J. Nichols (Portland, OR, USA)

Meeting: 2018 International Congress

Abstract Number: 143

Keywords: Myoclonus: Clinical features, Myoclonus: Pathophysiology, Myoclonus: Treatment

Session Information

Date: Saturday, October 6, 2018

Session Title: Myoclonus

Session Time: 1:45pm-3:15pm

Location: Hall 3FG

Objective: To describe a patient with papillary Non-Small Cell Lung Cancer (NSCLC) who developed acute and rapidly progressive myoclonus with prominent palatal involvement as a paraneoplastic neurologic manifestation.

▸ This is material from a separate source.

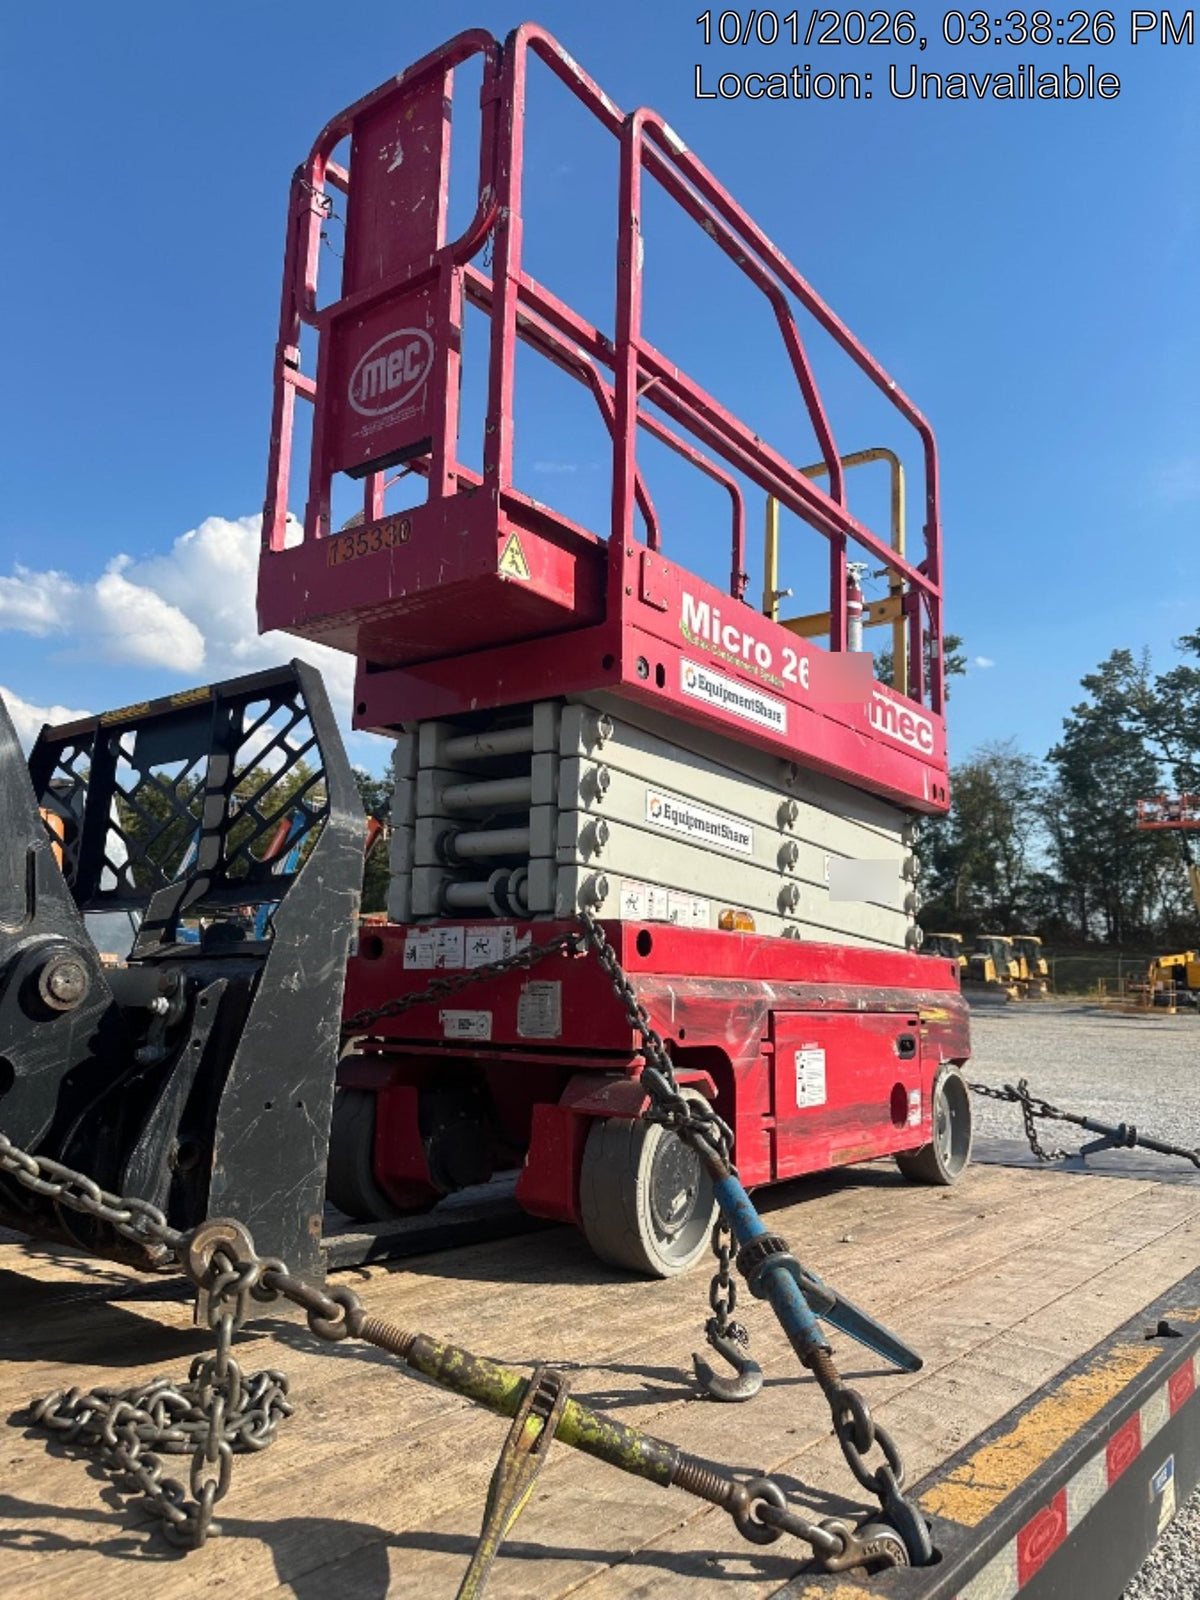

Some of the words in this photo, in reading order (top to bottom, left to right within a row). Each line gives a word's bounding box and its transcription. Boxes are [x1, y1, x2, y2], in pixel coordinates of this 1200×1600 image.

Background: NSCLC accounts for 80% of all primary lung malignancy. Adenocarcinoma, a NSCLC subtype, has been linked to a variety of neurologic presentations including choreiform movement disorders. However, its papillary variant has only been associated with Evans syndrome, a paraneoplastic hematologic disease.

Methods: A 78 year old man with stage IIIB papillary NSCLC was admitted for nausea, vomiting, vertigo and progressive myoclonus one week prior to his first planned chemotherapy. He initially demonstrated diffuse high frequency, low amplitude tremulousness of the arms. These movements progressed to spontaneous and stimulus-induced, very frequent, high amplitude myoclonus involving all extremities with a right sided predominance. Myoclonus was worse proximally and his palate was prominently involved. MRI with contrast of brain and entire spinal cord was unremarkable. Metabolic and infectious lab workup was unrevealing. CSF studies including oligoclonal bands, IgG index, cytology, lymphocyte/leukemia markers, and paraneoplastic antibodies were normal. Serum showed a mildly elevated positive P/Q type Calcium channel blocker antibody (0.09nmol/L, reference value <0.02nmol/L).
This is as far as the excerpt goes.